WORK INSTRUCTION
Set down each entry exactly as given; pictures should not appear in the copy.

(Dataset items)
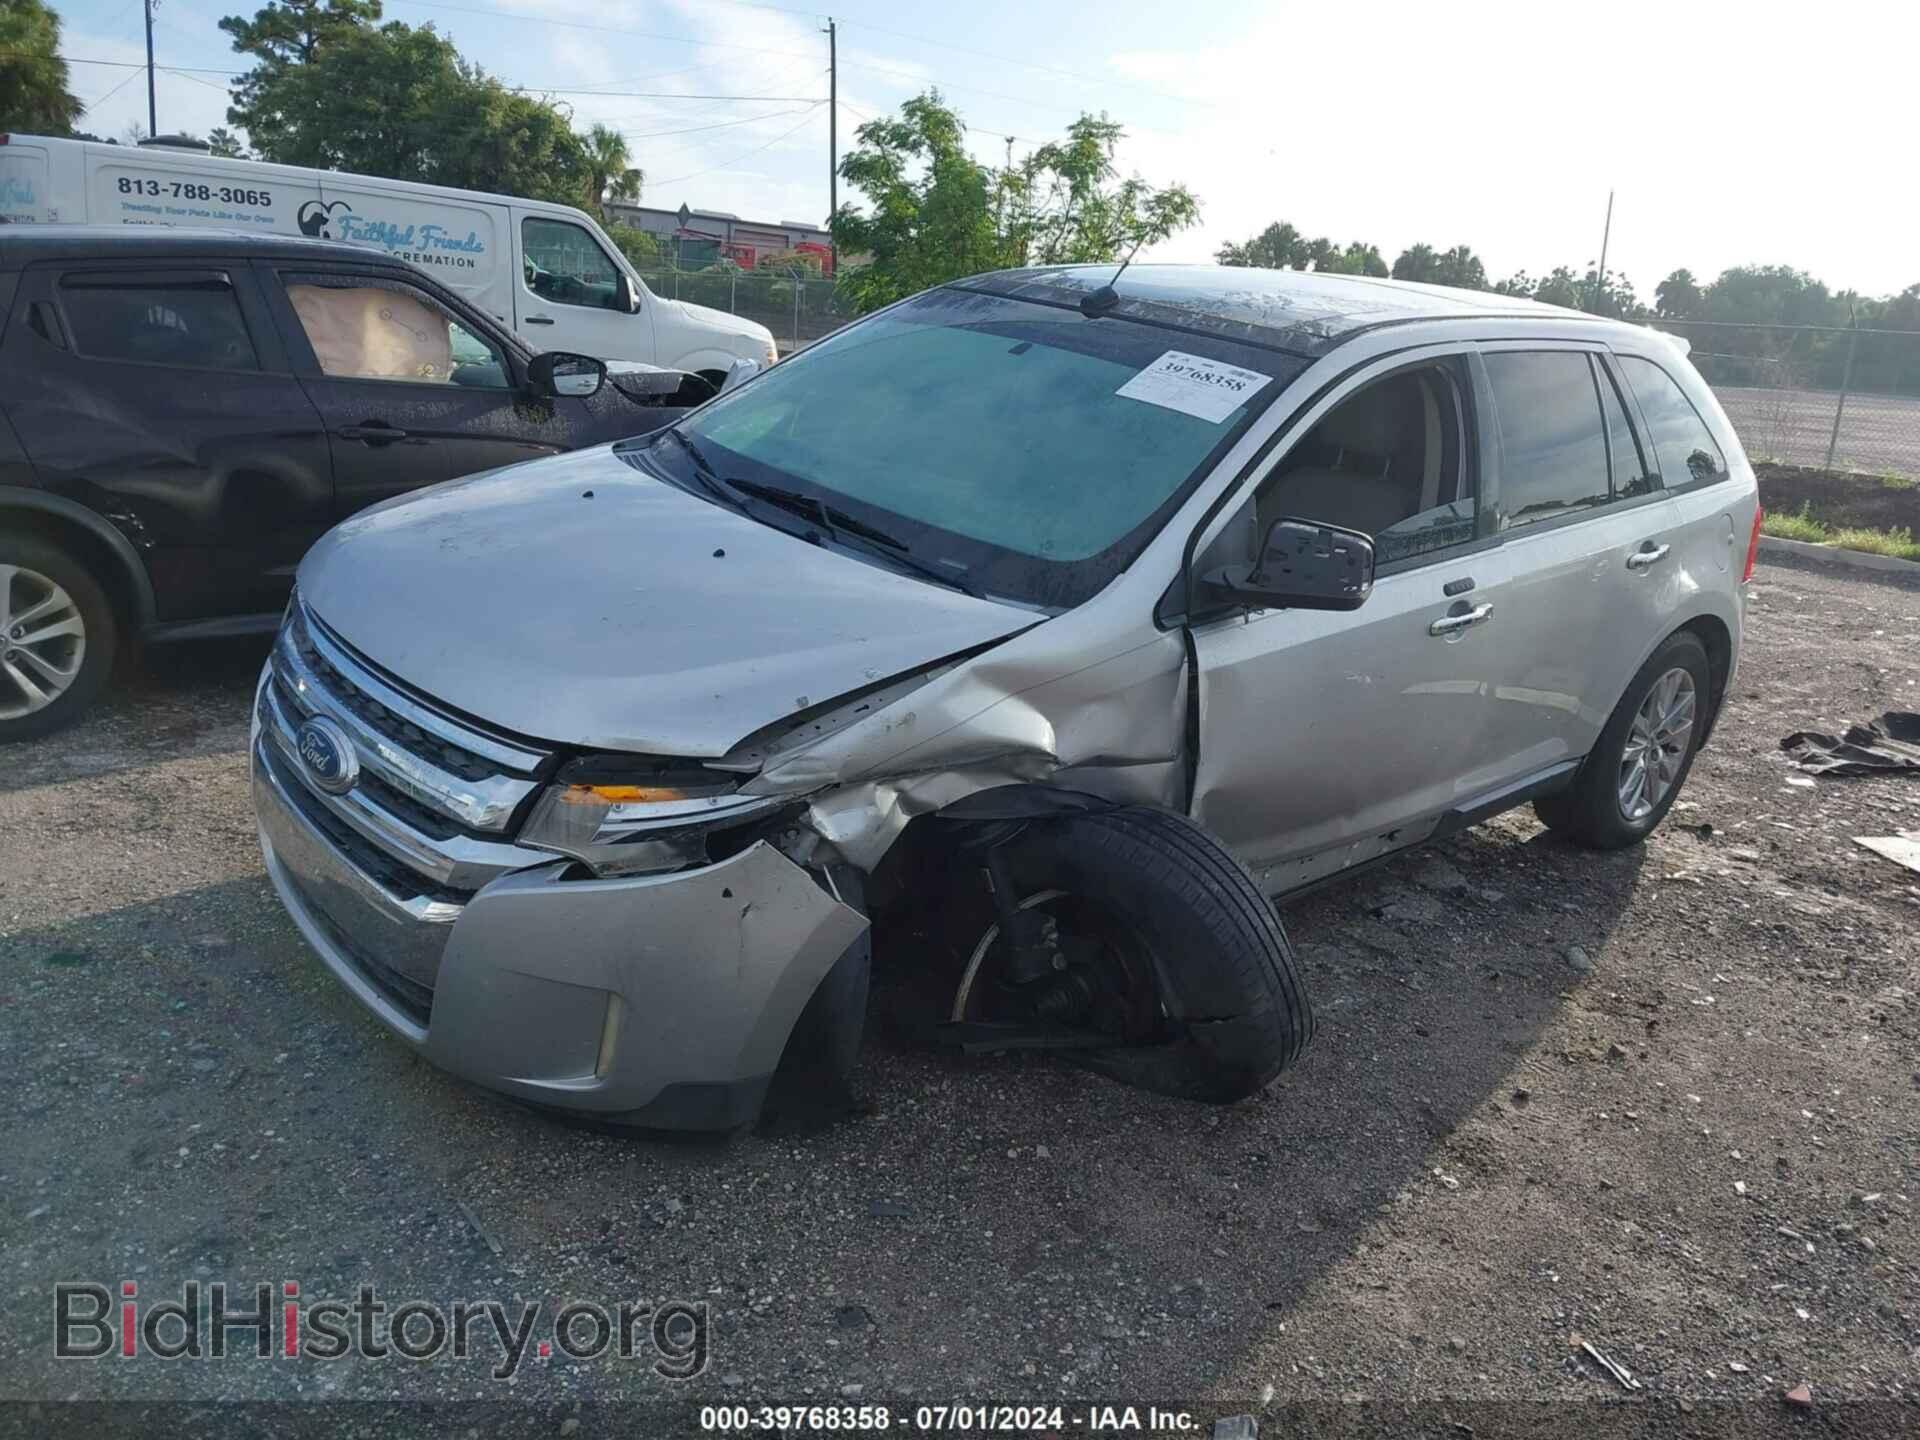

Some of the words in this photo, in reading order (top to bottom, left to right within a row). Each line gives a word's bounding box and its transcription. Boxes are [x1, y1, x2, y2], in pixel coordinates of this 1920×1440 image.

[118, 177, 272, 207] 813-788-3065
[165, 206, 187, 216] Your
[213, 210, 233, 220] Like
[235, 213, 252, 221] Our
[338, 215, 414, 249] Faithful
[416, 224, 484, 253] Friends
[1160, 362, 1246, 391] 39768358
[301, 732, 330, 771] Ford

WRITTEN SOLUTION
Some of the words in this photo, in reading order (top to bottom, left to right within a row). Each line gives a word's bounding box and its transcription. Boxes are [x1, y1, x2, y2], in pixel coordinates of this 1920×1440 image.

[118, 177, 272, 207] 813-788-3065
[165, 206, 187, 216] Your
[213, 210, 233, 220] Like
[235, 213, 252, 221] Our
[338, 215, 414, 249] Faithful
[416, 224, 484, 253] Friends
[1160, 362, 1246, 391] 39768358
[301, 732, 330, 771] Ford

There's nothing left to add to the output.